Hepatitis C is a liver infection caused by the hepatitis C virus (HCV). Hepatitis C is spread through contact with blood from an infected person. Today, most people become infected with the hepatitis C virus by sharing needles or other equipment used to prepare and inject drugs. For some people, hepatitis C is a short-term illness, but for more than half of people who become infected with the hepatitis C virus, it becomes a long-term, chronic infection. Chronic hepatitis C can result in serious, even life-threatening health problems like cirrhosis and liver cancer. People with chronic hepatitis C can often have no symptoms and don’t feel sick. When symptoms appear, they often are a sign of advanced liver disease. There is no vaccine for hepatitis C. The best way to prevent hepatitis C is by avoiding behaviors that can spread the disease, especially injecting drugs. Getting tested for hepatitis C is important, because treatments can cure most people with hepatitis C in 8 to 12 weeks.

Who is at risk for hepatitis C infection?

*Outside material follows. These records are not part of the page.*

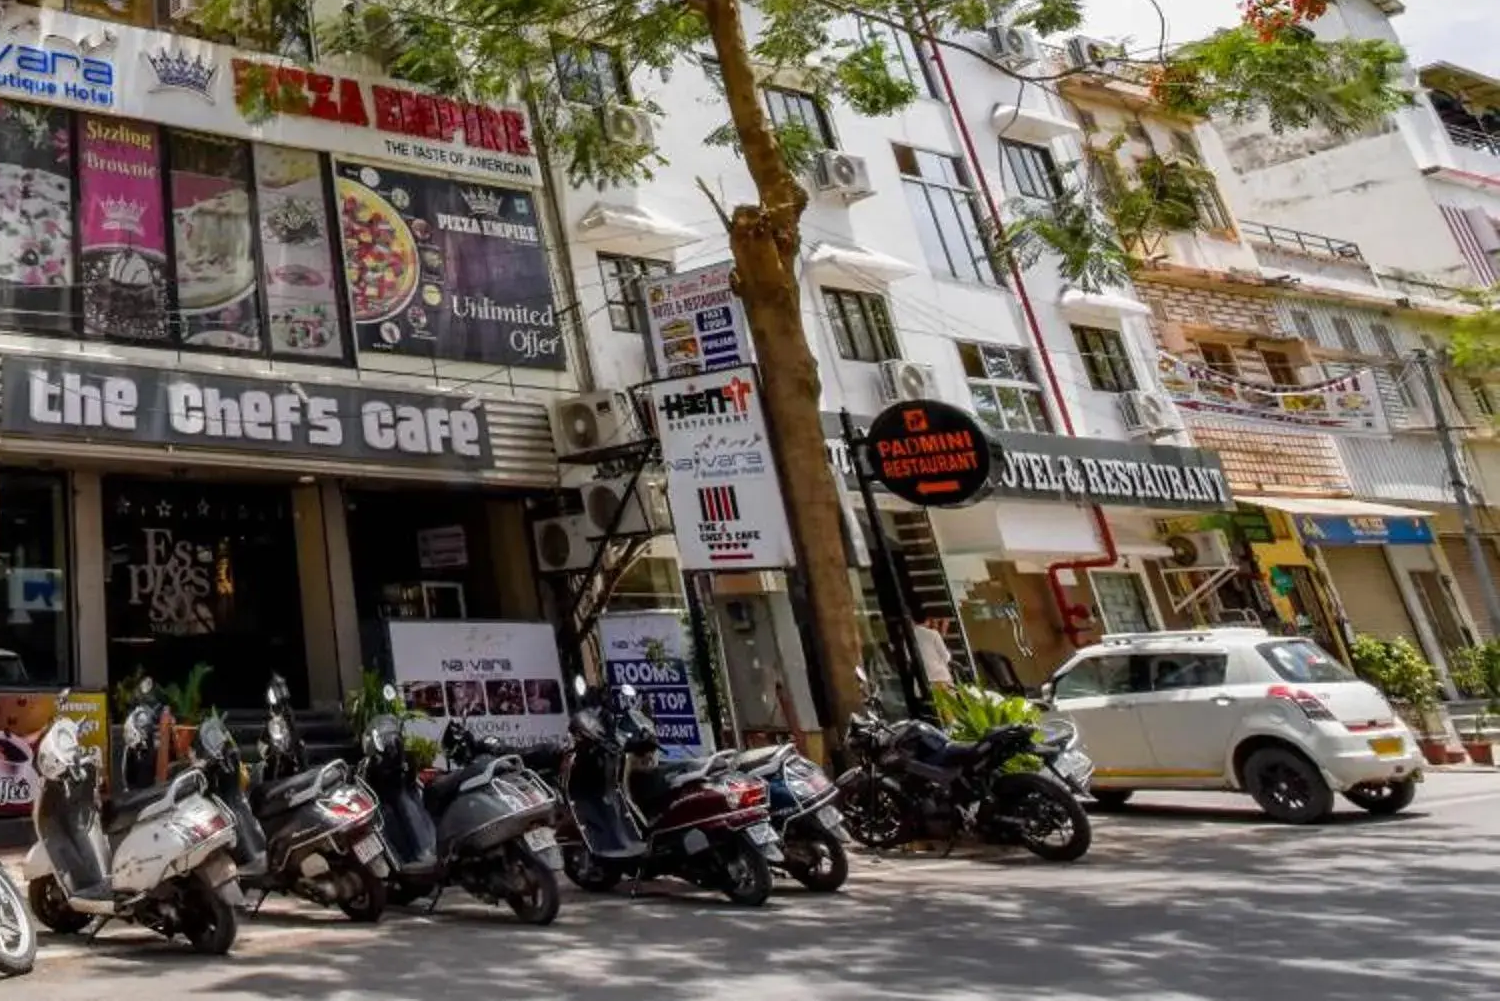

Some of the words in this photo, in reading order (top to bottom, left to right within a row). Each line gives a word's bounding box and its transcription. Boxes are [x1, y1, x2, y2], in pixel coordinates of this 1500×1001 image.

[64, 84, 114, 106] Hotel
[86, 120, 152, 151] Sizzling
[373, 85, 531, 157] EMPIRE
[384, 139, 409, 157] THE
[412, 144, 448, 165] TASTE
[450, 151, 466, 166] OF
[468, 154, 533, 178] AMERICAN
[437, 214, 480, 235] PIZZA
[482, 220, 539, 243] EMPIRE
[451, 295, 555, 328] Unlimited
[509, 329, 561, 359] Offer
[29, 369, 139, 430] the
[668, 414, 749, 431] RESTAURANT
[878, 430, 973, 458] PADMINI
[882, 450, 979, 479] RESTAURANT
[1081, 457, 1229, 503] RESTAURANT
[613, 662, 681, 684] ROOMS
[658, 692, 687, 710] TOP

The following people are at increased risk for hepatitis C:

  1. People with HIV infection
  2. Current or former people who use injection drugs (PWID), including those who injected only once many years ago
  3. People with selected medical conditions, including those who ever received maintenance hemodialysis
  4. Health care, emergency medical, and public safety personnel after needle sticks, sharps, or mucosal exposures to HCV-positive blood
  5. Children born to mothers with HCV infection

Is it possible for someone to become infected with HCV and then spontaneously clear the infection?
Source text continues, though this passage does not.